-------- DATASET RECORDS --------
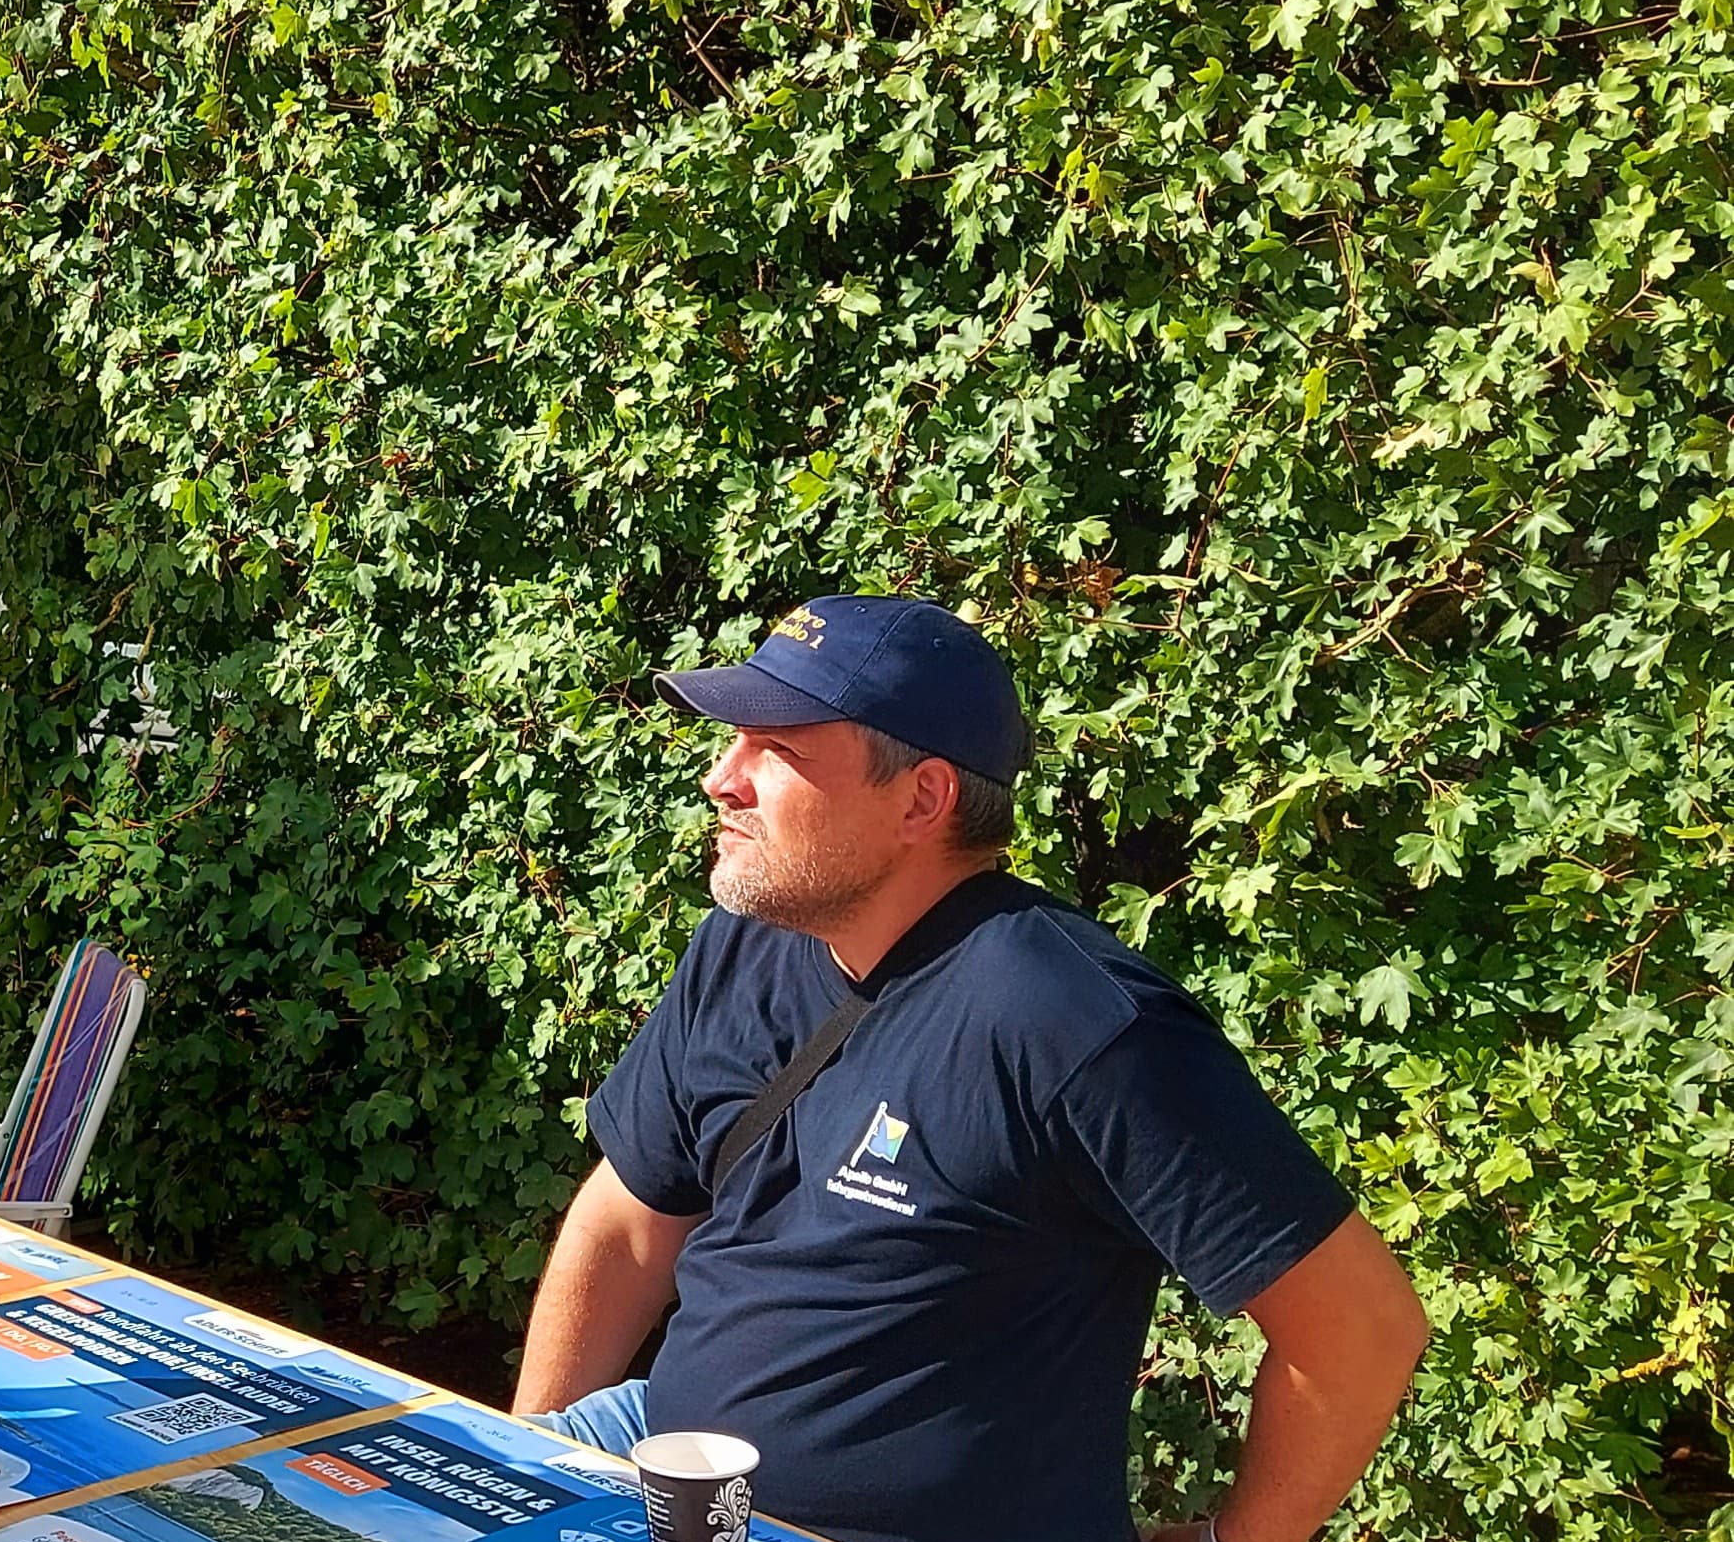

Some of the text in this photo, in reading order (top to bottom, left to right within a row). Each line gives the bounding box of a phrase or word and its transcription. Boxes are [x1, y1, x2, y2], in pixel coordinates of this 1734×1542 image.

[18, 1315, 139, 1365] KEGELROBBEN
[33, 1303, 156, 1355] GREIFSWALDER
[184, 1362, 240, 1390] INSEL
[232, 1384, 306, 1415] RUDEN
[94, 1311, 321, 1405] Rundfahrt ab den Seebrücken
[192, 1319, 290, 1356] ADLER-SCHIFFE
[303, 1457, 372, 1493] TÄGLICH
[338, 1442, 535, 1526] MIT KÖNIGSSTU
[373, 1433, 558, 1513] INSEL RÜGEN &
--------
■ EXERCISE AIM:
The whole listing above, word for word: repeat it with the pictures excluded.

■ RESULT OF THIS EXERCISE:
Some of the text in this photo, in reading order (top to bottom, left to right within a row). Each line gives the bounding box of a phrase or word and its transcription. Boxes are [x1, y1, x2, y2], in pixel coordinates of this 1734×1542 image.

[18, 1315, 139, 1365] KEGELROBBEN
[33, 1303, 156, 1355] GREIFSWALDER
[184, 1362, 240, 1390] INSEL
[232, 1384, 306, 1415] RUDEN
[94, 1311, 321, 1405] Rundfahrt ab den Seebrücken
[192, 1319, 290, 1356] ADLER-SCHIFFE
[303, 1457, 372, 1493] TÄGLICH
[338, 1442, 535, 1526] MIT KÖNIGSSTU
[373, 1433, 558, 1513] INSEL RÜGEN &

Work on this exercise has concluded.